In some clinical contexts attention has been paid to whether diagnostic accuracy using traditional diagnostic standards may depend not per se on race but rather on skin tone. Examples include pulse oximetry and assessment of pressure injuries or ulcers. Many of the issues raised herein with respect to race inclusion would appear equally applicable to skin tone, with a key distinction being that there are accepted objective measures of skin tone (59).

§U.S. Food and Drug Administration (28) states: “Differences in response to medical products (e.g., pharmacokinetics, efficacy, or safety) have been observed in racially and ethnically distinct subgroups of the U.S. population. These differences may be attributable to intrinsic factors (e.g., genetics, metabolism, elimination), extrinsic factors (e.g., diet, environmental exposure, sociocultural issues), or interactions between these factors. Analyzing data on race and ethnicity may assist in identifying population-specific signals.”

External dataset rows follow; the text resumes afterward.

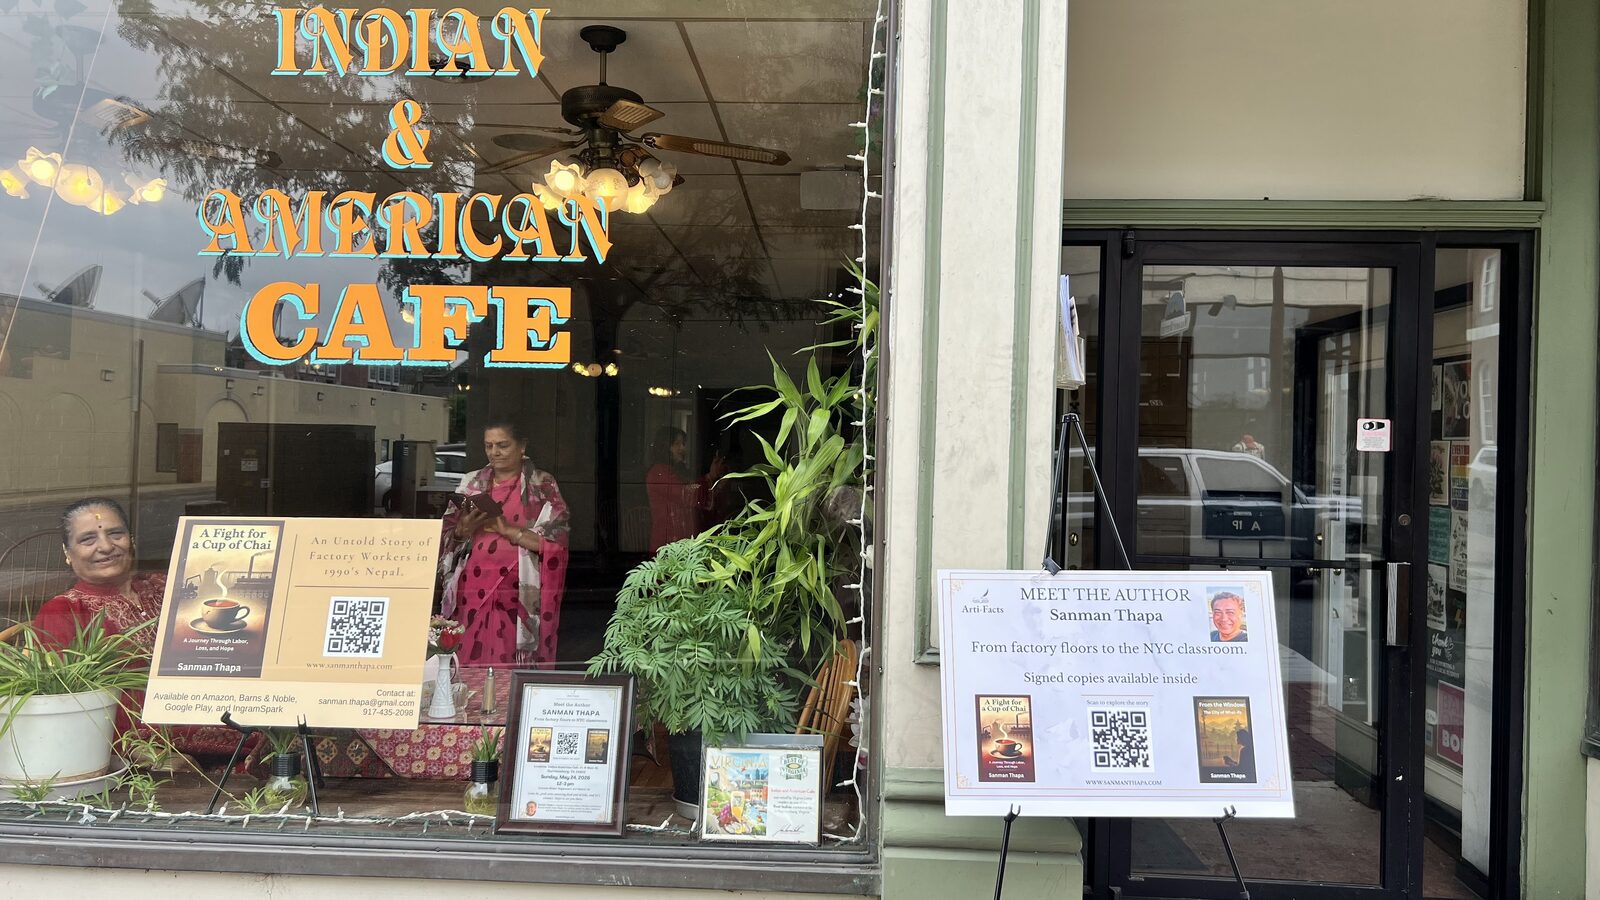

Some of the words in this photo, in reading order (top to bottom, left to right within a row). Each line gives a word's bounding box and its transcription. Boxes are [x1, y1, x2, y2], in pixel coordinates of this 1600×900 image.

[270, 7, 551, 78] INDIAN
[381, 98, 433, 169] &
[198, 188, 613, 264] AMERICAN
[240, 281, 571, 369] CAFE
[200, 528, 209, 538] A
[213, 528, 244, 540] Fight
[247, 528, 267, 538] for
[202, 540, 226, 552] Cup
[229, 540, 242, 549] of
[244, 540, 271, 550] Chai
[311, 536, 327, 545] An
[334, 536, 375, 546] Untold
[381, 537, 414, 549] Story
[418, 537, 432, 546] of
[309, 552, 354, 563] Factory
[361, 552, 411, 561] Workers
[416, 553, 428, 562] in
[324, 567, 360, 577] 1990's
[366, 567, 404, 579] Nepal.
[1020, 587, 1070, 600] MEET
[1072, 588, 1110, 601] THE
[1115, 588, 1191, 602] AUTHOR
[962, 605, 1004, 614] Arti-Facts
[1050, 608, 1111, 621] Sanman
[1114, 609, 1163, 624] Thapa
[972, 641, 1007, 653] From
[1011, 641, 1057, 656] factory
[1061, 642, 1098, 654] floors
[1102, 644, 1115, 654] to
[1118, 643, 1139, 654] the
[1143, 643, 1174, 654] NYC
[1178, 643, 1247, 654] classroom.
[178, 663, 212, 671] Sanman
[214, 663, 241, 673] Thapa
[306, 661, 393, 672] www.sanmanthapa.com
[1024, 672, 1064, 685] Signed
[1067, 673, 1104, 685] copies
[1108, 672, 1159, 684] available
[1162, 673, 1198, 684] inside
[154, 692, 188, 700] Available
[202, 693, 236, 702] Amazon,
[239, 694, 262, 702] Barns
[264, 694, 270, 702] &
[272, 695, 298, 704] Noble,
[376, 689, 405, 697] Contact
[165, 703, 193, 713] Google
[195, 703, 214, 713] Play,
[216, 704, 230, 712] and
[232, 704, 283, 714] IngramSpark
[318, 698, 415, 707] sanman.thapa@gmail.com
[1442, 729, 1464, 754] BO
[712, 755, 768, 768] VIRGINIA
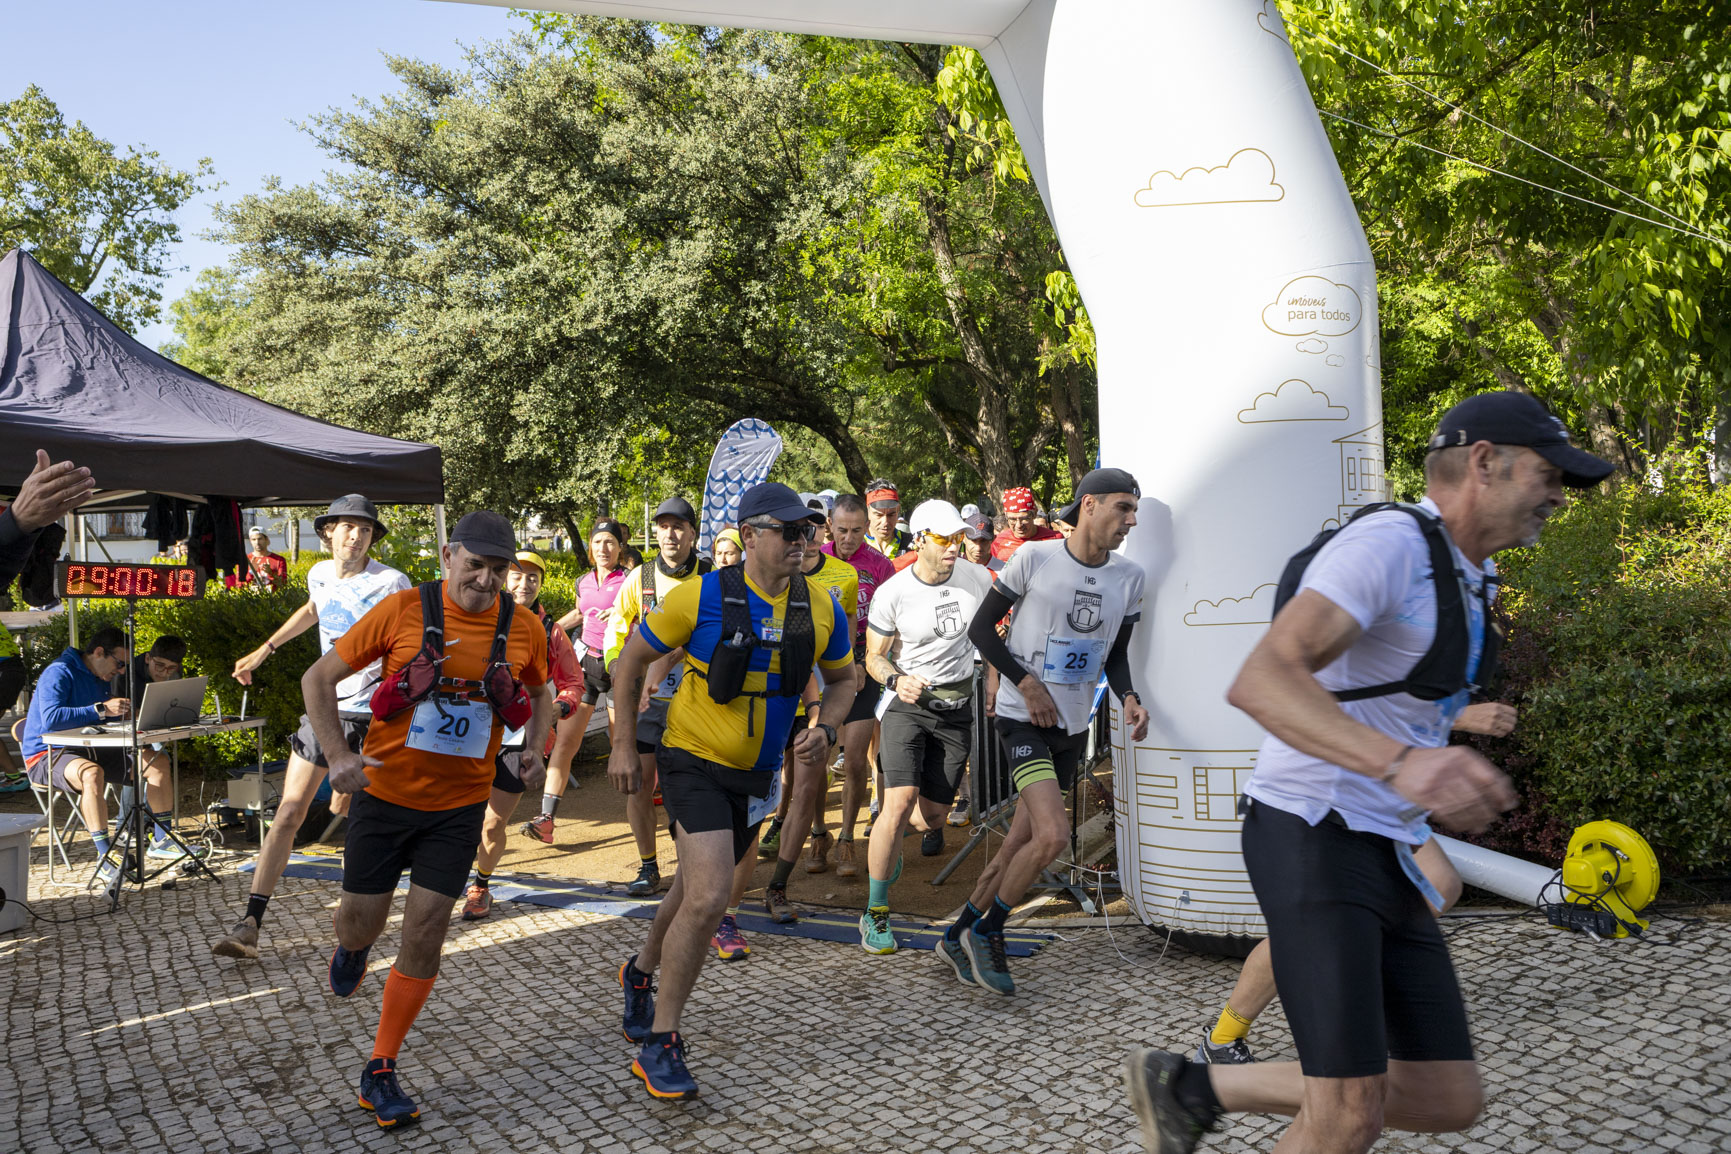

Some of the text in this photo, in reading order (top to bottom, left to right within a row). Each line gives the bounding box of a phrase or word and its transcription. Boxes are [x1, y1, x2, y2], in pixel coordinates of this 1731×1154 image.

[1287, 308, 1351, 323] para todos
[66, 565, 196, 597] 09:00:18
[1064, 652, 1089, 670] 25
[437, 713, 470, 738] 20

Kanis et al. (21) write: “...risk factors should be chosen according to established criteria irrespective of our understanding of their basis or their accuracy. A good example is consumption of alcohol, which is notorious for being inaccurately reported. In general, people who drink alcohol tend to neglect or underestimate their alcohol consumption.... It matters not whether the return is accurate—only that it provides a consistent indication of risk, which it does. Thus, we are more interested in association than causality. The same goes for race, location, and ethnicity.”

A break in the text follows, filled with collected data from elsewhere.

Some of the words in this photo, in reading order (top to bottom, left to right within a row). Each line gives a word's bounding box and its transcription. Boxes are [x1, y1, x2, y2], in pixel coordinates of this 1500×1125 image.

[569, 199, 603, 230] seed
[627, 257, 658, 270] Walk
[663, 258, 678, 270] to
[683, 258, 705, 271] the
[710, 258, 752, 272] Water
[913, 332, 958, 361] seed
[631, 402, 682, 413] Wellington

Data, Materials, and Software Availability

All study data are included in the main text.

Appendix

A.1. Algorithmic Bias and Algorithmic Fairness.

In recent years considerable attention has been devoted to notions of algorithmic bias. Obermeyer et al. (52) have authored a plain language “playbook” that decision makers might consult to determine whether algorithms on which they rely are susceptible to bias. For these authors, biased algorithms are defined as follows:

  • More generally, in many important social sectors, algorithms guide decisions about who gets what. In these situations, we believe that if an algorithm scores two people the same, those two people should have the same basic needs—no matter the color of their skin, or other sensitive attributes…We consider algorithms that fail this test to be biased [page 1].

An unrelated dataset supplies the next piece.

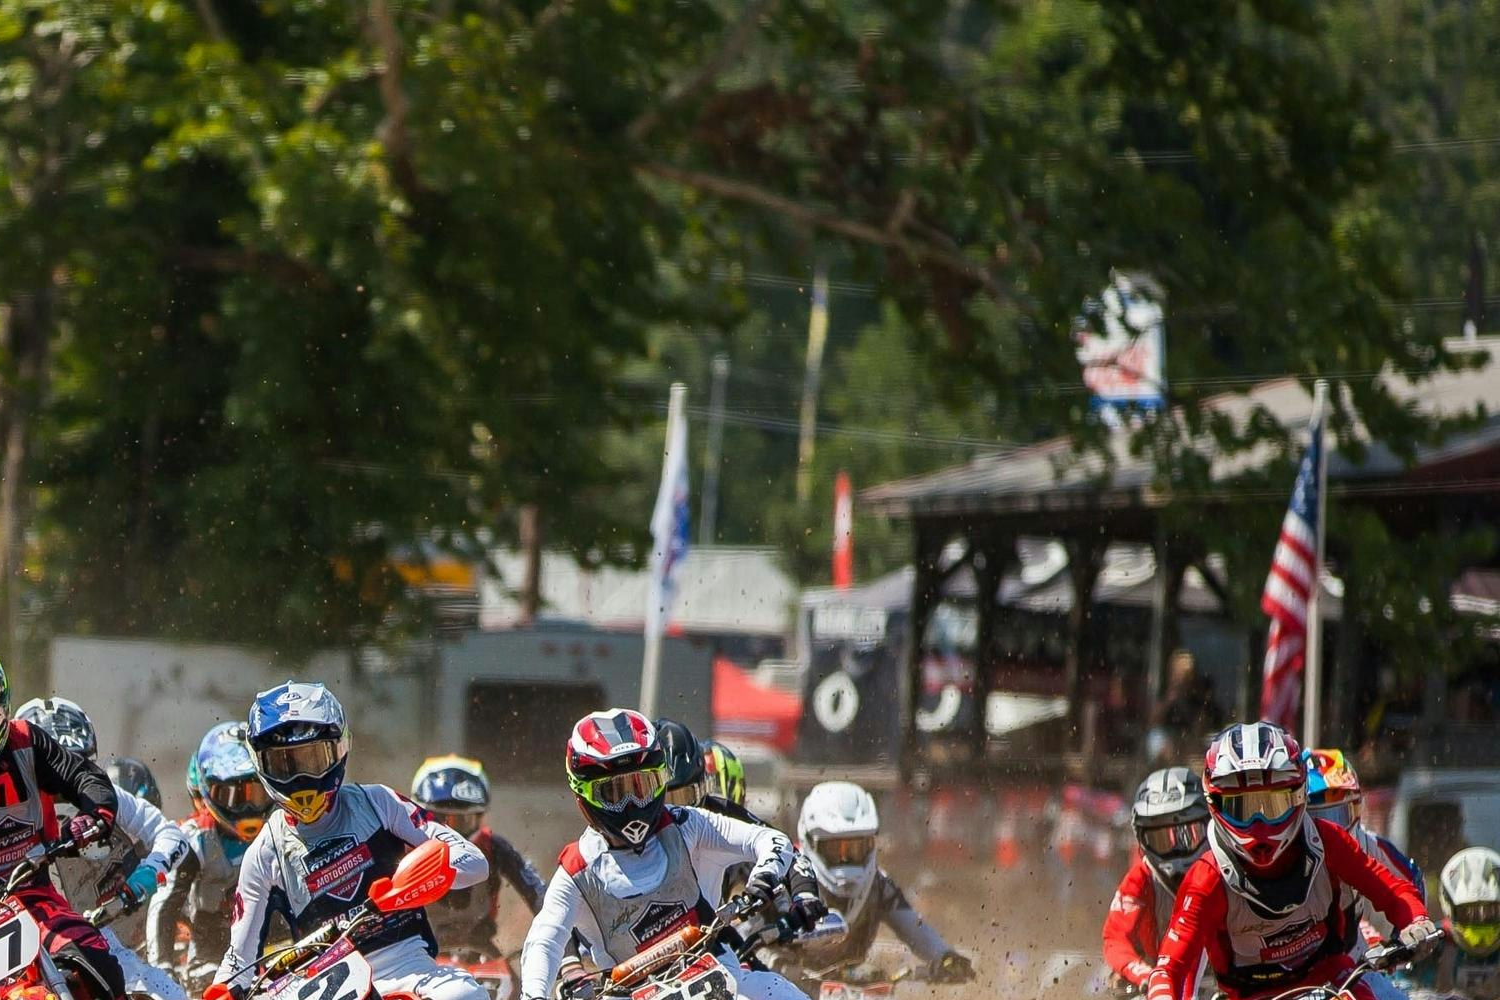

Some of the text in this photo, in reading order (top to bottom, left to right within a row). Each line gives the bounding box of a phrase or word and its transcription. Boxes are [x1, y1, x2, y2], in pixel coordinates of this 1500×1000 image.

Algorithmic fairness is defined not merely by the absence of bias in an algorithm. Barocas et al. (53) outline challenges in defining algorithmic fairness:

  • We should not expect work on fairness in machine learning to deliver easy answers. And we should be suspicious of efforts that treat fairness as something that can be reduced to an algorithmic stamp of approval. At its best, this work will make it far more difficult to avoid the hard questions when it comes to debating and defining fairness, not easier. It may even force us to confront the meaningfulness and enforceability of existing approaches to discrimination in law and policy, expanding the tools at our disposal to reason about fairness and seek out justice [page 34].

These authors underscore such definitional challenges by offering nineteen distinct algorithmic fairness criteria (table 6 on page 75).

To investigate how algorithms may be unfair, (54) suggest a decomposition of the difference in an algorithm’s estimated predictions between two groups, E^[YG1]-E^[YG2] , where Y is the measured outcome predicted by the algorithm. They write:

  • A raw difference in predictions across groups may arise for three reasons: differences in base rates, differences in measurement error, or differences in estimation error across groups. Intervening at the level of the algorithm may address only the last two components of the disparity by investing in better training data and collecting a better proxy for the outcome of interest. In contrast, the base rate difference is a product of the underlying socioeconomic context itself, not the algorithm [page 92].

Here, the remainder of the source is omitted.